● **Your goal**
Please find the line that holds "this 1919×1282 image." below and reproduce it, along with every line after it through the end, exactly and without pictures.

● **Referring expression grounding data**

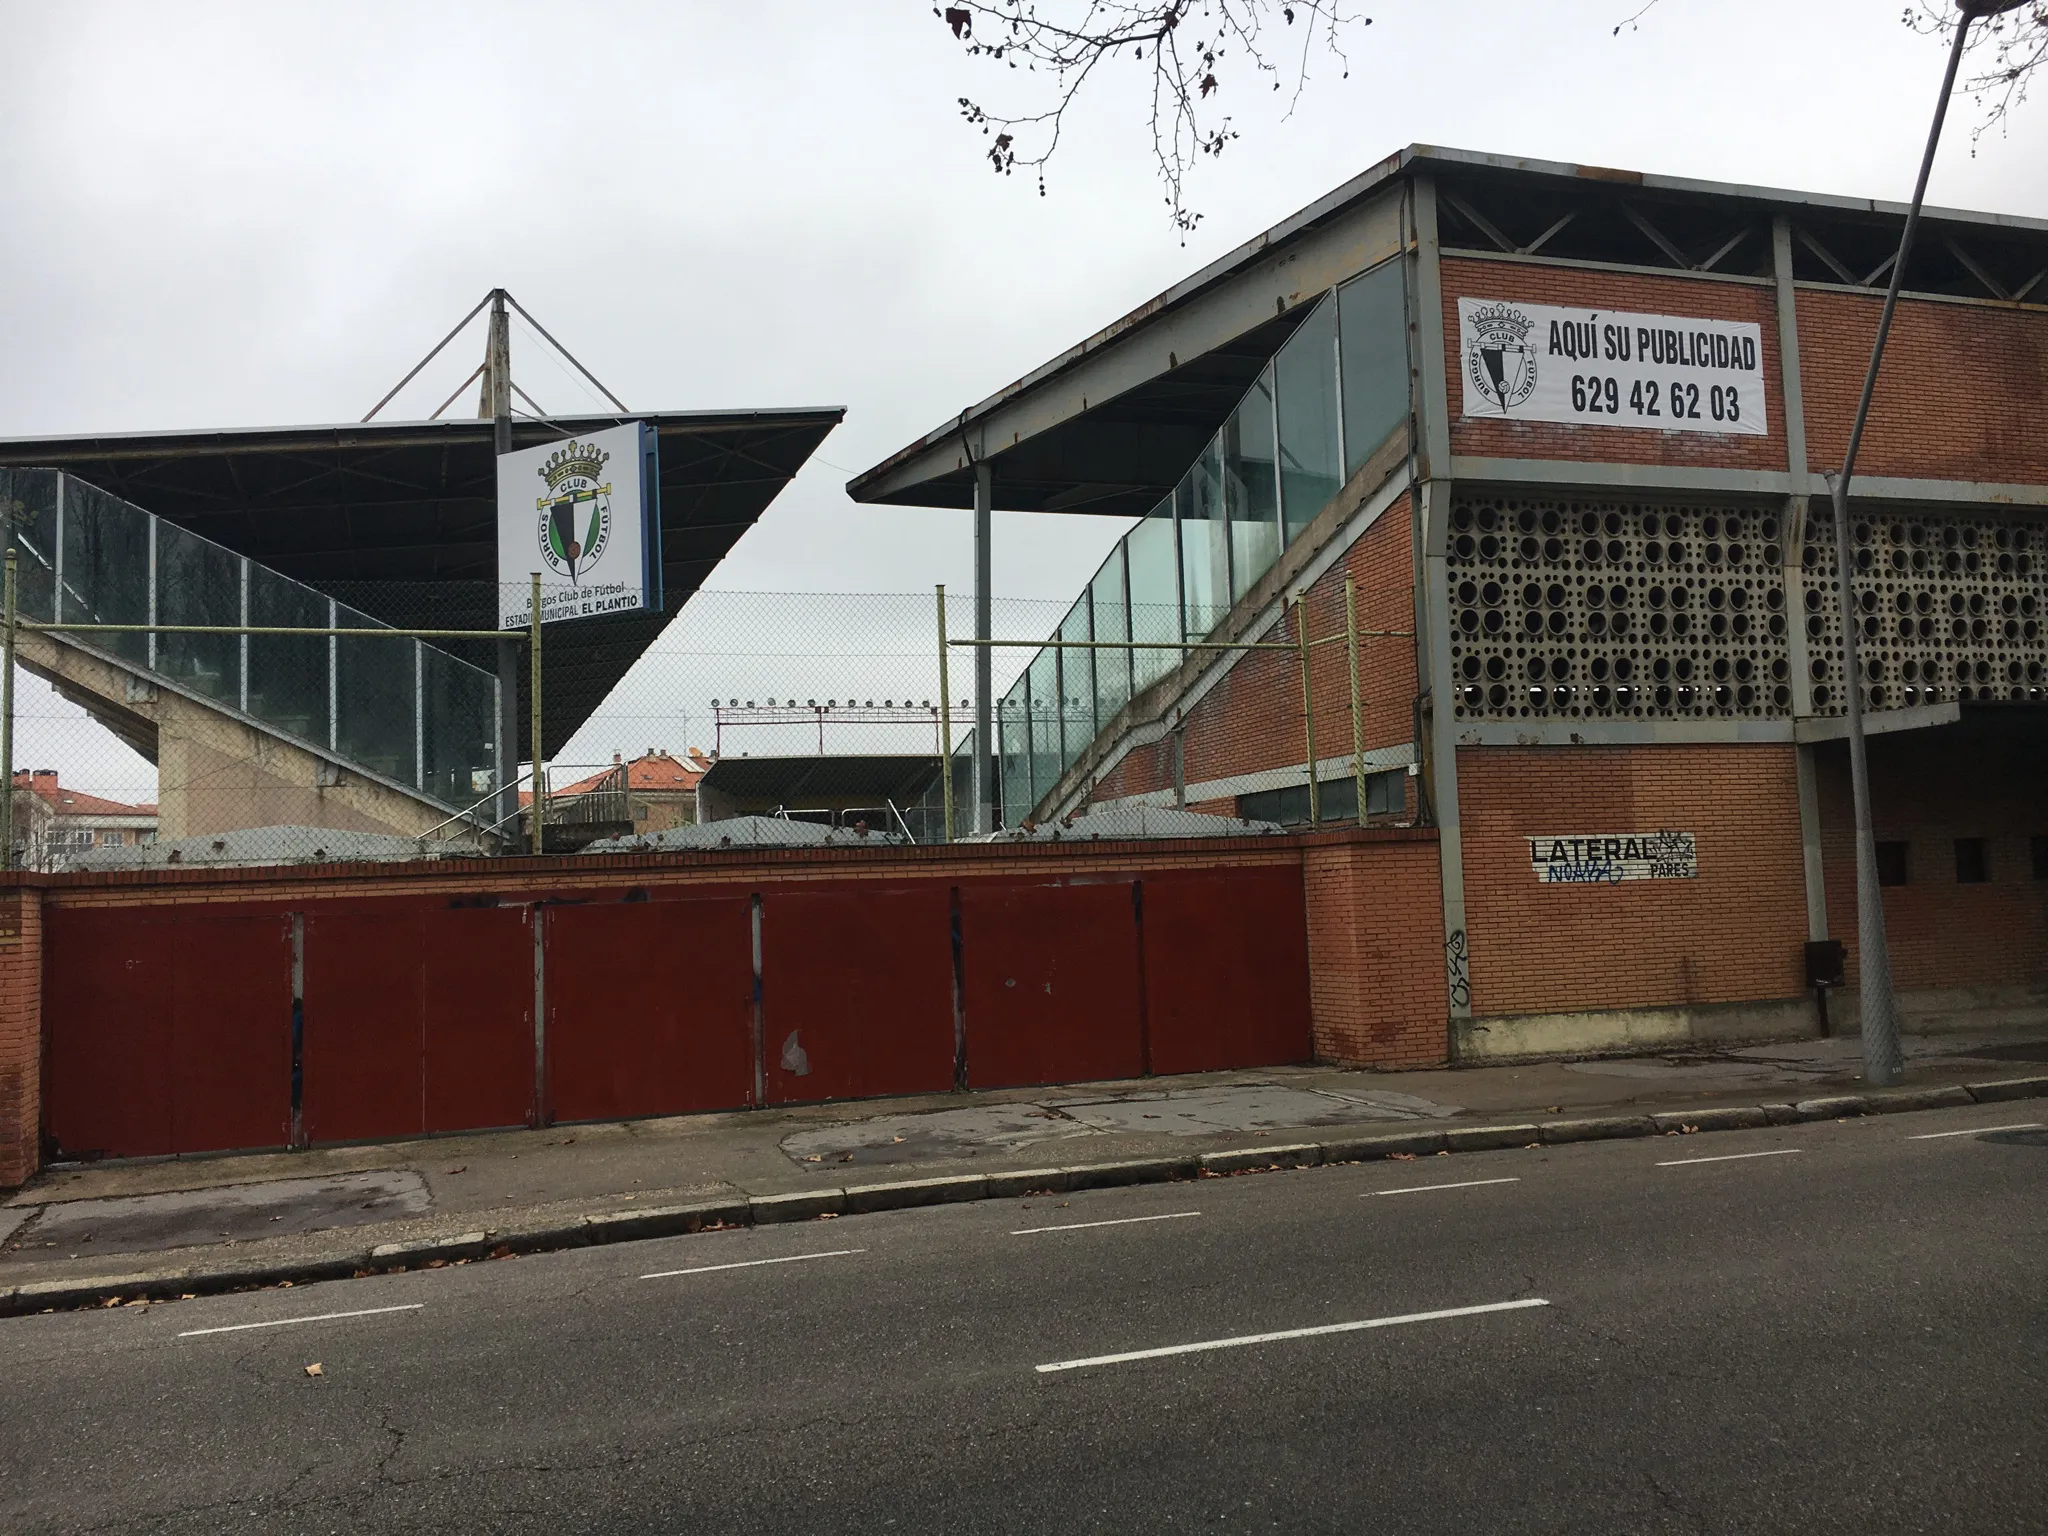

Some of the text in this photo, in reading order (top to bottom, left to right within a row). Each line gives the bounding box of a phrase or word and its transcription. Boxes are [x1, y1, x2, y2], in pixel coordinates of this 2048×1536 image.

[1489, 332, 1515, 343] CLUB
[1549, 314, 1757, 371] AQUÍ SU PUBLICIDAD
[1471, 351, 1491, 396] BURGOS
[1571, 374, 1740, 423] 629 42 62 03
[560, 478, 588, 493] CLUB
[540, 513, 560, 567] BURGOS
[526, 581, 625, 609] Bgos Club de Fútbol
[505, 612, 537, 628] ESTADI
[581, 601, 593, 615] EL
[595, 594, 638, 613] PLANTIO
[1531, 836, 1658, 863] LATERAL
[1650, 862, 1690, 879] PARES
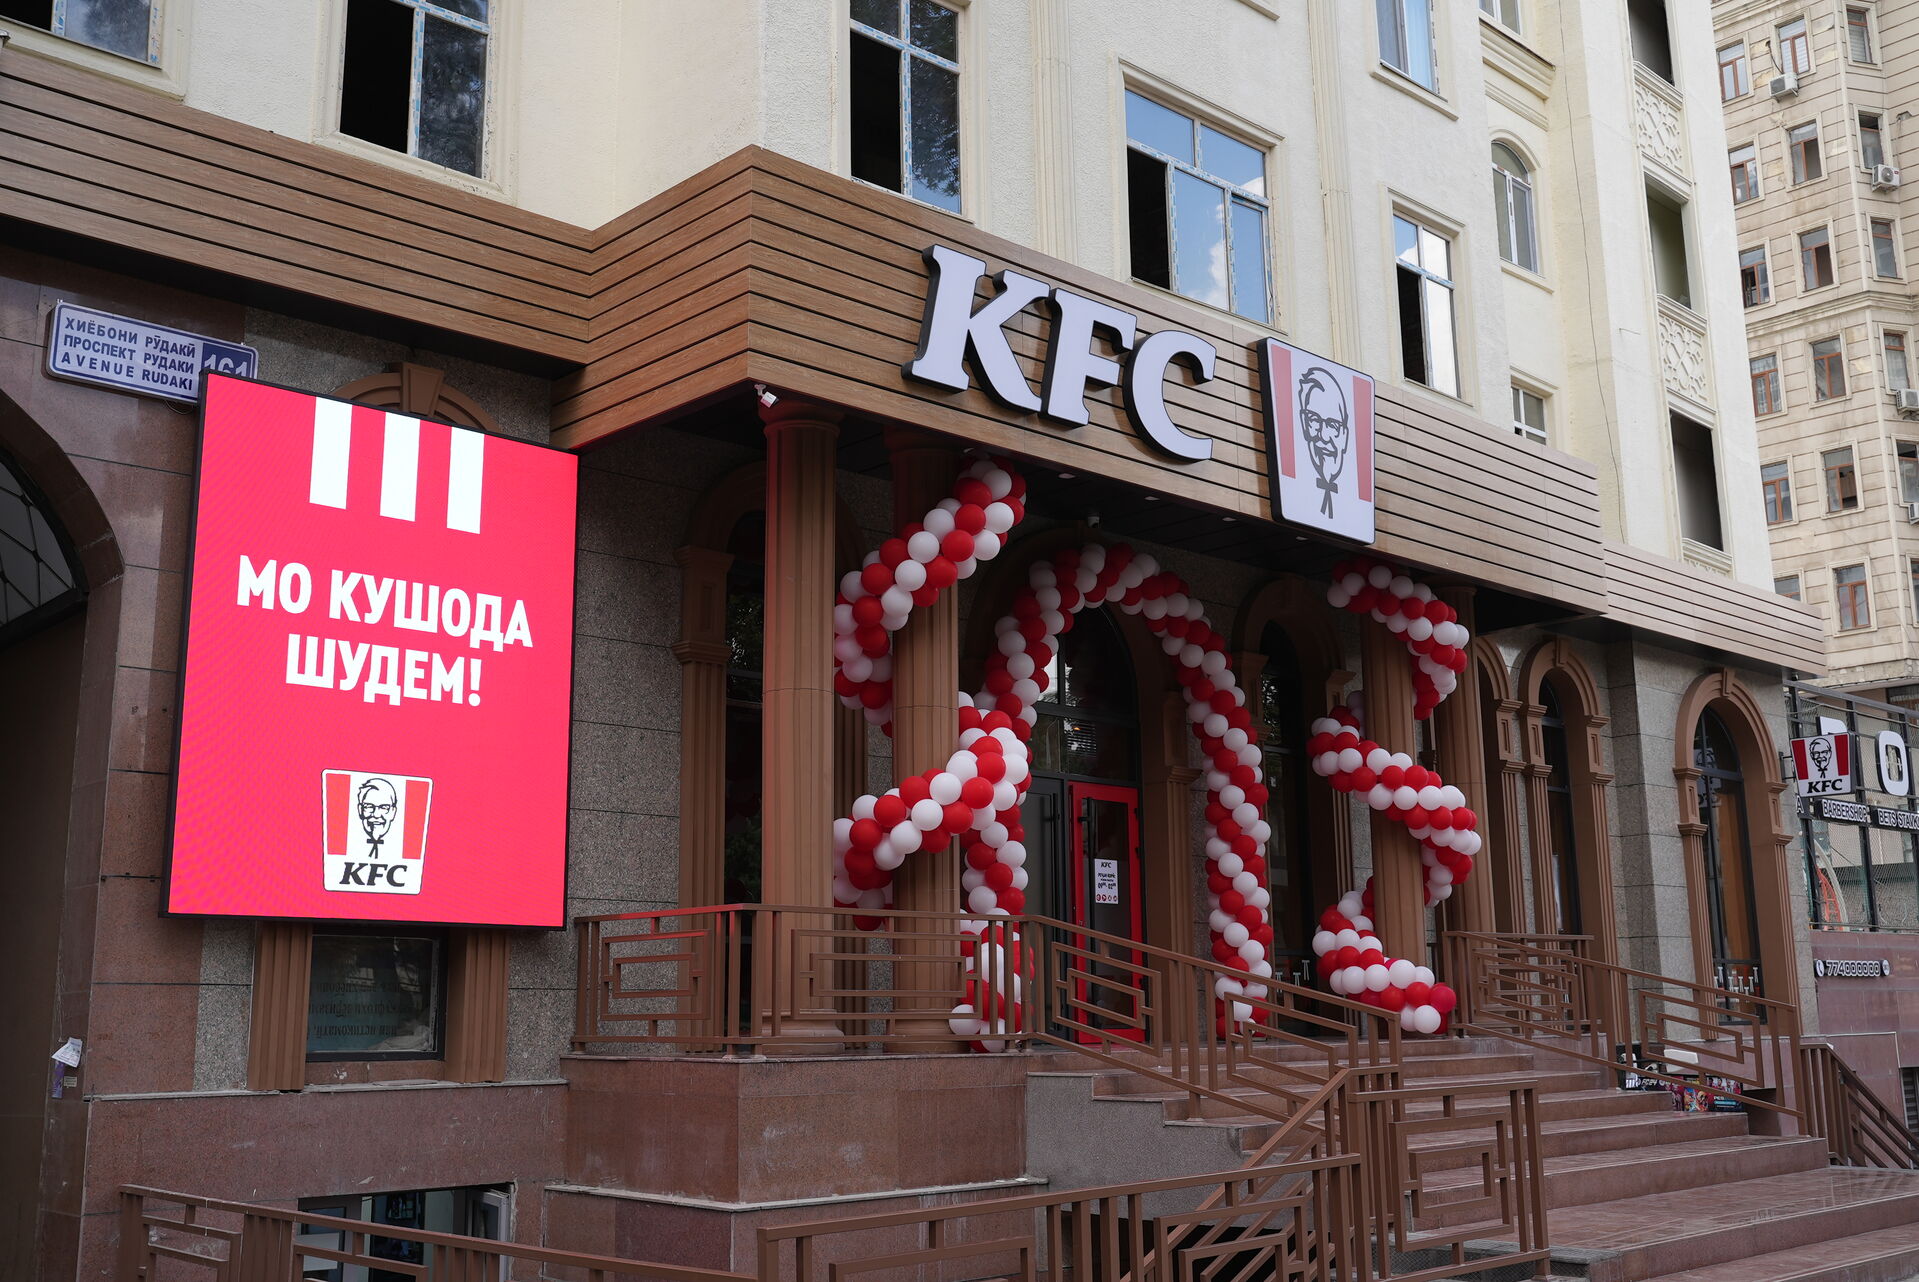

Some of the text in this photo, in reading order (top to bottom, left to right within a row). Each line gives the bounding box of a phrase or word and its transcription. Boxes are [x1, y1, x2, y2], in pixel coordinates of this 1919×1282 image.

[65, 317, 138, 345] ХИЁБОНИ
[61, 352, 193, 391] AVENUE RUDAKI
[63, 334, 194, 375] ПРОСПЕКТ РУДАКИ
[902, 244, 1217, 463] KFC
[236, 555, 534, 653] МО КУШОДА
[285, 633, 482, 707] ШУДЕМ!
[1807, 779, 1843, 793] KFC
[1822, 799, 1868, 823] BARBERSHOP
[339, 862, 408, 888] KFC
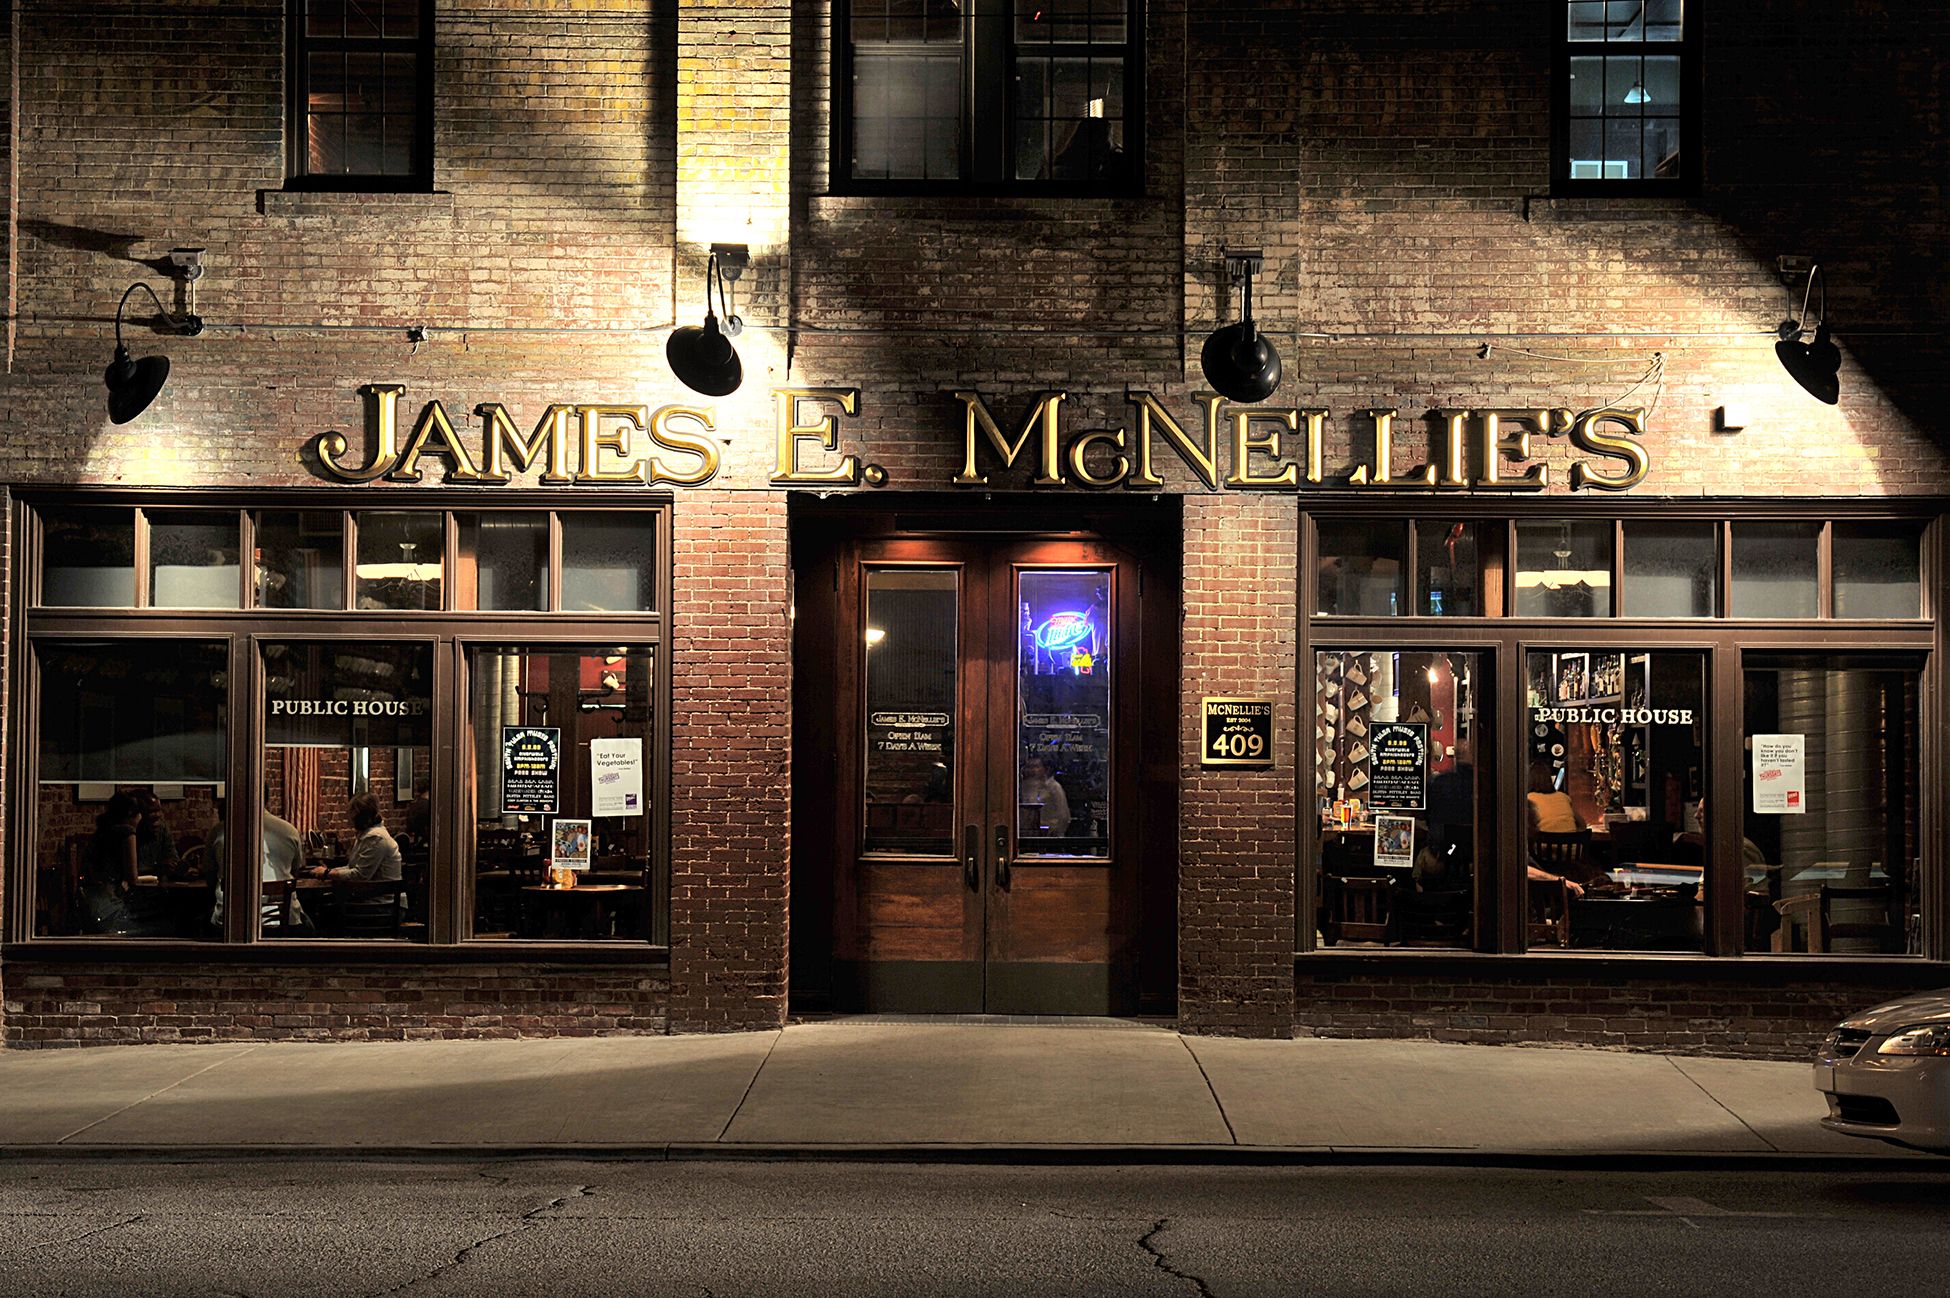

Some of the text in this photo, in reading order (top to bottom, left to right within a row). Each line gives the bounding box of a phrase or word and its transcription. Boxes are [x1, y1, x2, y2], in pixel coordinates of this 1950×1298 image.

● **Exercise response**
Some of the text in this photo, in reading order (top to bottom, left to right within a row). Each line gives the bounding box of a phrase or word and its transcription. Boxes are [x1, y1, x2, y2], in pixel coordinates of this 1919×1282 image.

[65, 317, 138, 345] ХИЁБОНИ
[61, 352, 193, 391] AVENUE RUDAKI
[63, 334, 194, 375] ПРОСПЕКТ РУДАКИ
[902, 244, 1217, 463] KFC
[236, 555, 534, 653] МО КУШОДА
[285, 633, 482, 707] ШУДЕМ!
[1807, 779, 1843, 793] KFC
[1822, 799, 1868, 823] BARBERSHOP
[339, 862, 408, 888] KFC

Some of the text in this photo, in reading order (top to bottom, left to right within a row). Each line gives the bounding box of a phrase or word and its transcription. Boxes are [x1, y1, x2, y2], in pixel coordinates of this 1950×1298 image.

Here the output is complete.